Девчонки переодевались.
— Немцы, суки, старье одно прислали, — толстая Света-Паровоз разглядывала дыру на пестром свитере. — На, смотри, два раза надела…
— Немцы они вообще жмоты. У американцев гуманитарка получше.
— Ну, у кого чего? — они начали выкладывать из сумок трофеи: вафли в яркой обертке, банку пива или просто несколько ломтиков ветчины в ресторанной салфетке. — А хлеб есть?
— А у меня такие конфеты, девки! — вытащила Креветка жестяную коробку. — Представляете, негатив повез в валютку…
— Марго, будешь?
— Не хочу.
— Ну слушайте, девки! Негатив привез в валютку, а по-русски ни бум-бум…
— Да увянь ты со своим негативом! Марго, расскажи?
— Как обычно, — пожала Маша плечами.
— Нет, ты подробно. Ну вот приехали — кто дверь открыл?
— Мать. Так обрадовалась! Говорит: «Давно тебя не было». А я всего-то день не была… Мать меня очень любит. Отец тоже, но мать — особенно. Так и говорит: «дочка моя». Опять спрашивала, когда же я совсем перееду, потому что они скучают… — рассказывала Маша, глядя в потолок.
Девчонки жевали всухомятку и завороженно слушали.
После уроков Сью подошла к Максиму, который возился у мотоцикла.
— Могу ли я просить тебя об одолжении?
— Конечно, — он невольно улыбнулся высокопарному обороту.
— Мне необходимо найти адрес в Москве. Не было ли тебе так трудно помочь мне?
Максим посмотрел на часы.
— О’кей, садись, — он протянул ей второй шлем.
Когда они выезжали со школьного двора, на крыльце появилась Галя. Сью помахала ей.
Максим уверенно шел по Садовому, лавируя в плотном потоке машин.
— Адаптировалась у нас? — крикнул он.
— Да, почти совсем уже привыкла… Только безумно сложные отношения. Надо всегда держать что-то в голове перед тем, как сказать, чтобы никого не обидеть… Я теперь не знаю, хорошо ли я похитила тебя у Гали?
— А какие проблемы?
— Но ведь она твоя девочка?
— Да? — развеселился Максим. — Первый раз слышу!

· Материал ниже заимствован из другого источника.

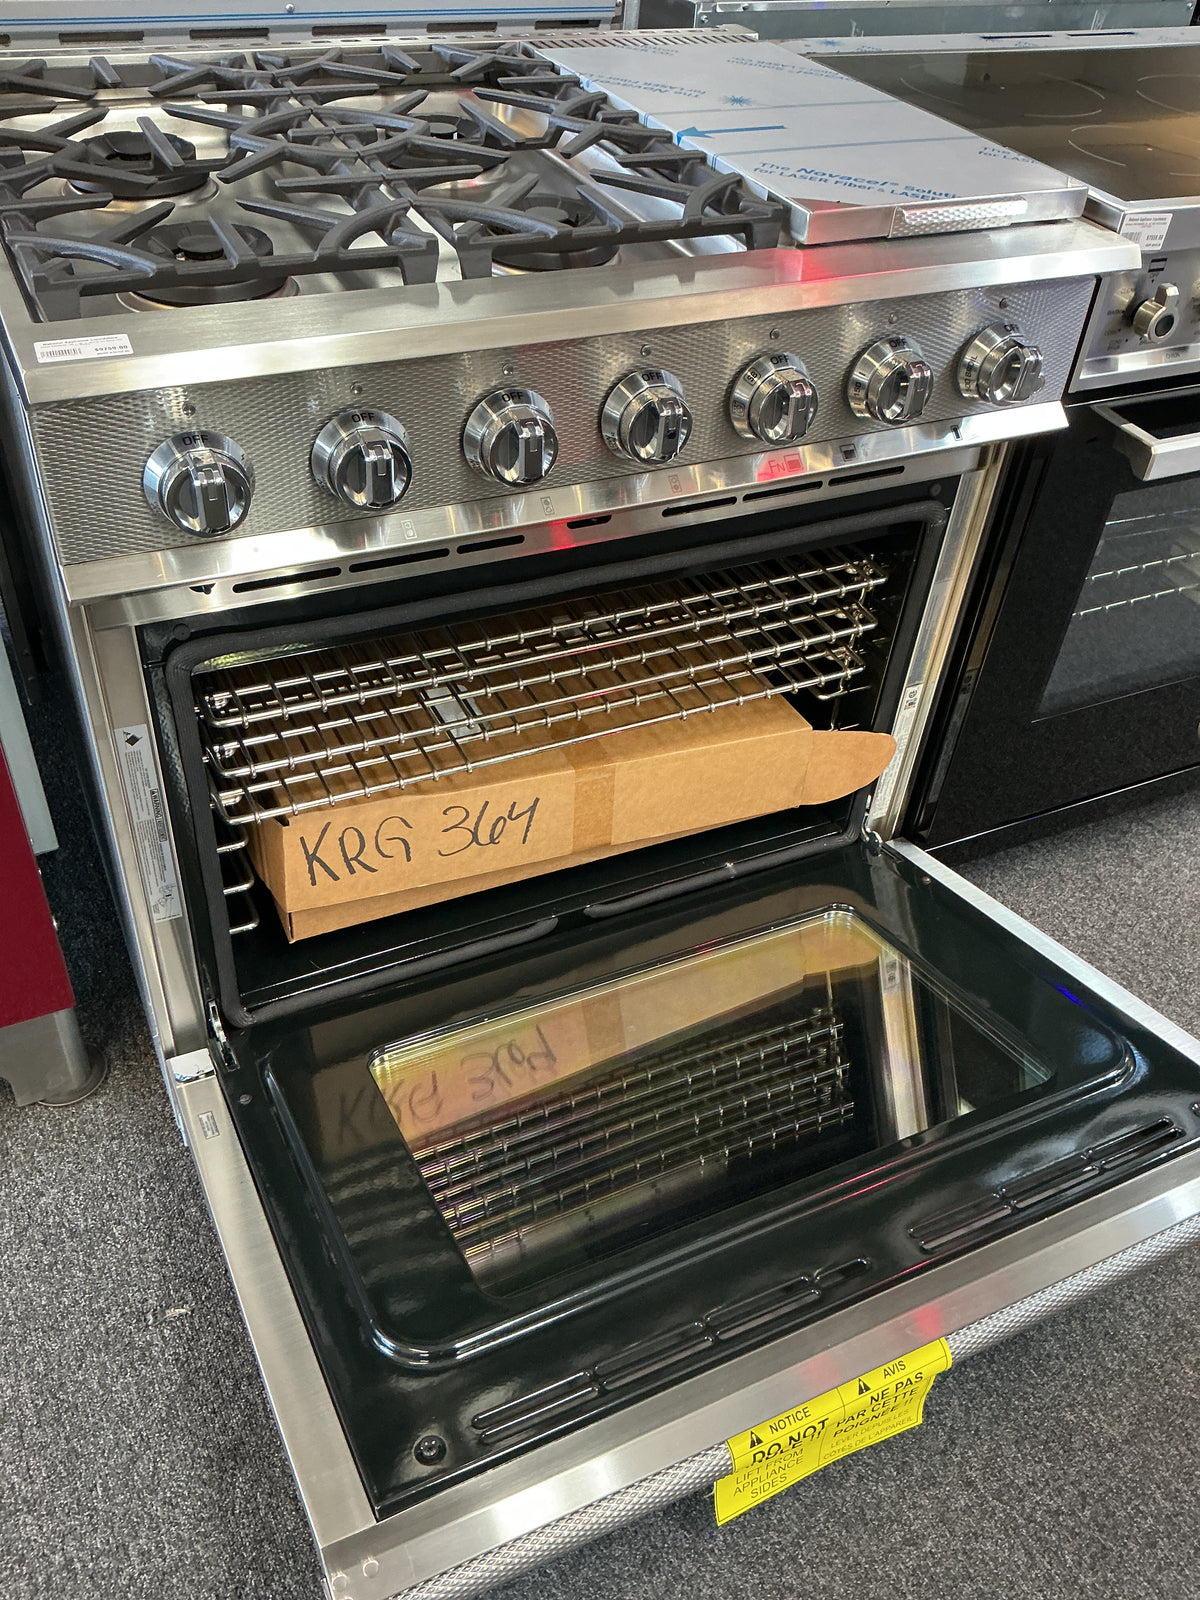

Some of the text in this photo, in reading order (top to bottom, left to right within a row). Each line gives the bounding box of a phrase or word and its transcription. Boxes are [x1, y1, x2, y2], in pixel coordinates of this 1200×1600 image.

[779, 171, 828, 184] LASER
[834, 179, 873, 192] Fiber
[888, 338, 907, 348] OFF
[770, 354, 788, 365] OFF
[641, 371, 663, 382] OFF
[501, 391, 524, 403] OFF
[351, 412, 375, 423] OFF
[182, 434, 209, 446] OFF
[299, 797, 541, 887] KRG 364
[883, 1360, 906, 1379] AVIS
[870, 1371, 924, 1405] NE PAS
[836, 1386, 920, 1428] PAR CETTE
[769, 1406, 812, 1434] NOTICE
[831, 1430, 859, 1448] LEVER
[893, 1408, 910, 1423] LES
[752, 1442, 781, 1464] DO
[788, 1417, 829, 1446] NOT
[855, 1437, 867, 1447] DE
[733, 1457, 804, 1497] APPLIANCE
[736, 1467, 760, 1485] LIFT
[765, 1447, 804, 1470] FROM
[750, 1472, 788, 1499] SIDES
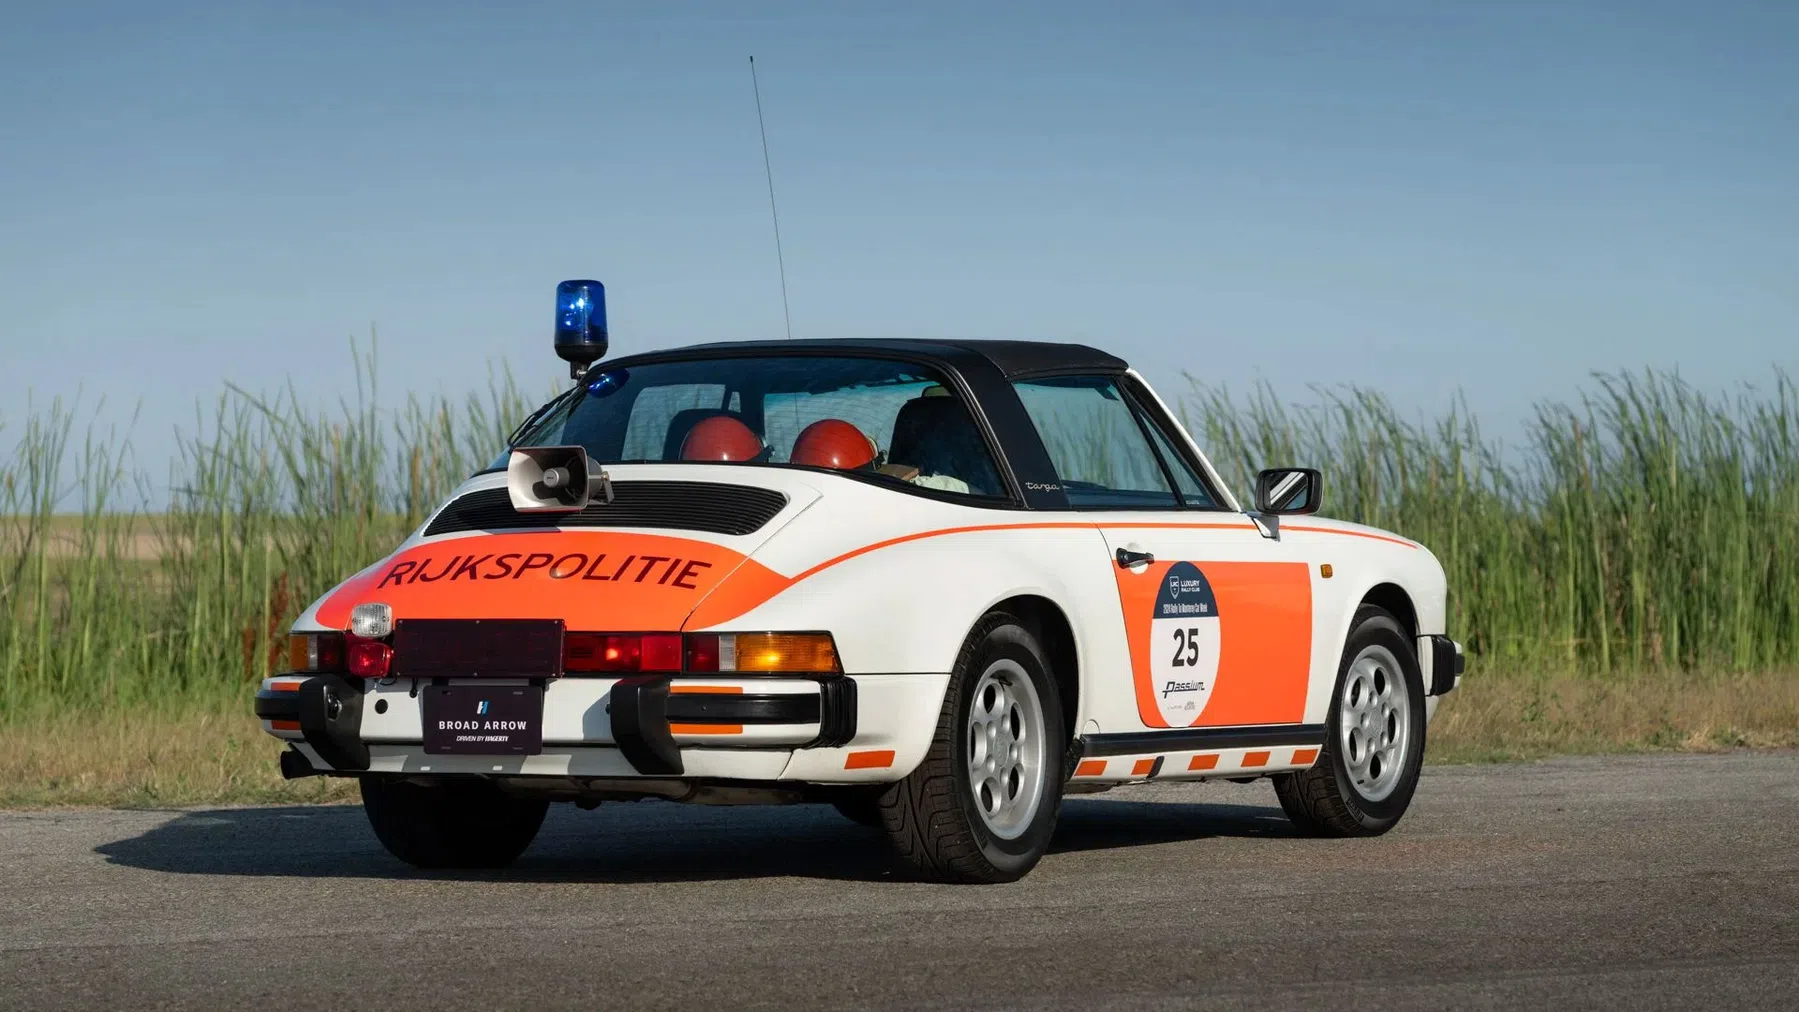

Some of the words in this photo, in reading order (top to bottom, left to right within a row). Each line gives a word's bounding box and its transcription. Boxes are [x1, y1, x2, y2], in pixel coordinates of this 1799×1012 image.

[1025, 482, 1060, 492] targa
[377, 553, 712, 589] RIJKSPOLITIE
[1172, 628, 1199, 667] 25
[438, 721, 479, 730] BROAD
[484, 721, 527, 730] ARROW
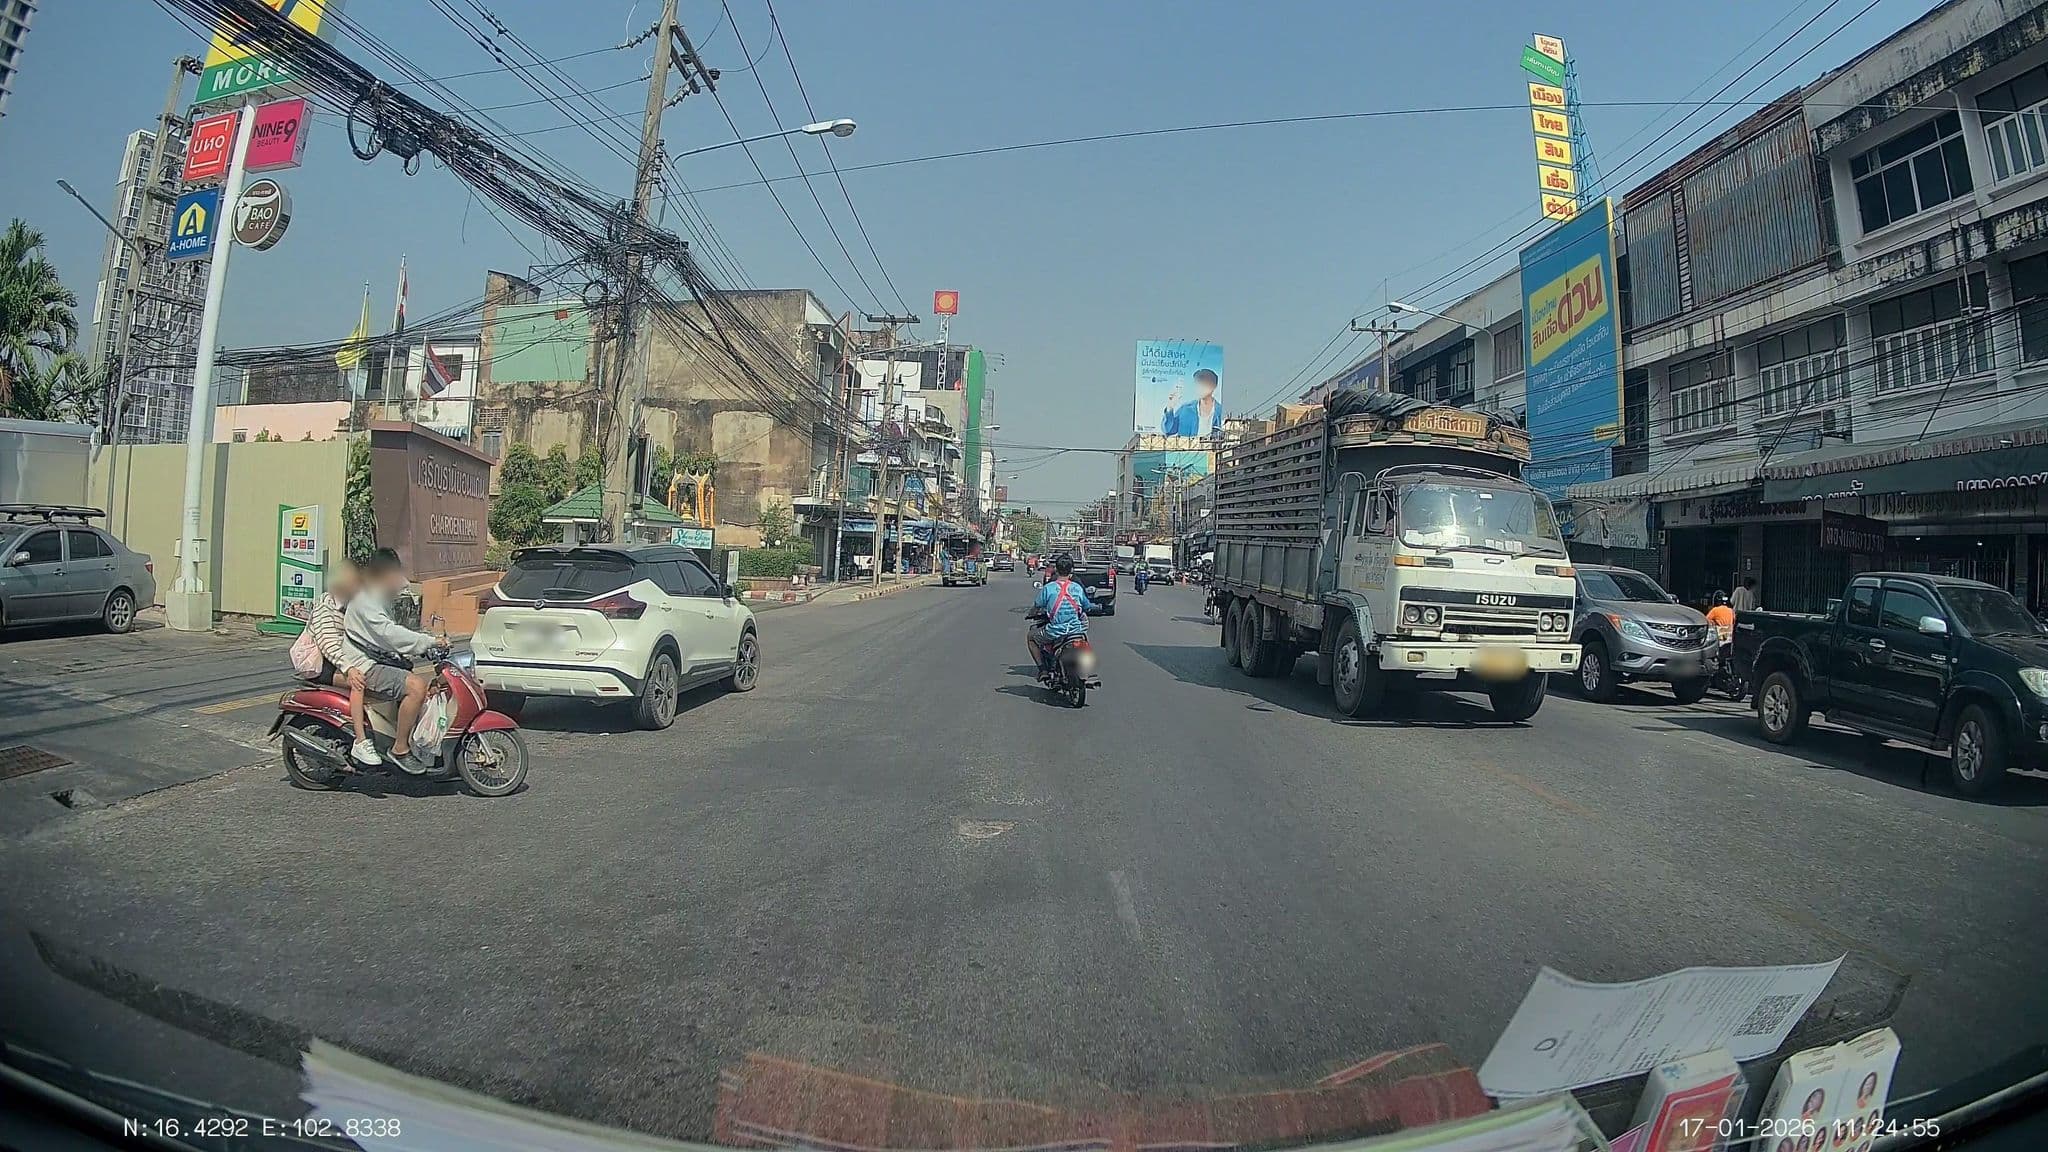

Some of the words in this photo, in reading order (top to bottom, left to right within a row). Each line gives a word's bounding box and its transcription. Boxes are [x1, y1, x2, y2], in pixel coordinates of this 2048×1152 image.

— Она так сказала… А теперь я не понимаю, хорошо ли я тебе это сказала? Безумно сложно!
— Лучше не вникай! — засмеялся Максим.
Остоженка была перекопана, в глубокой траншее виднелись трубы, толстые и тонкие, в прогнившей изоляции, пересекающиеся под прямым углом, будто металлические корни города. Максим и Сью пошли дальше по дощатому тротуару.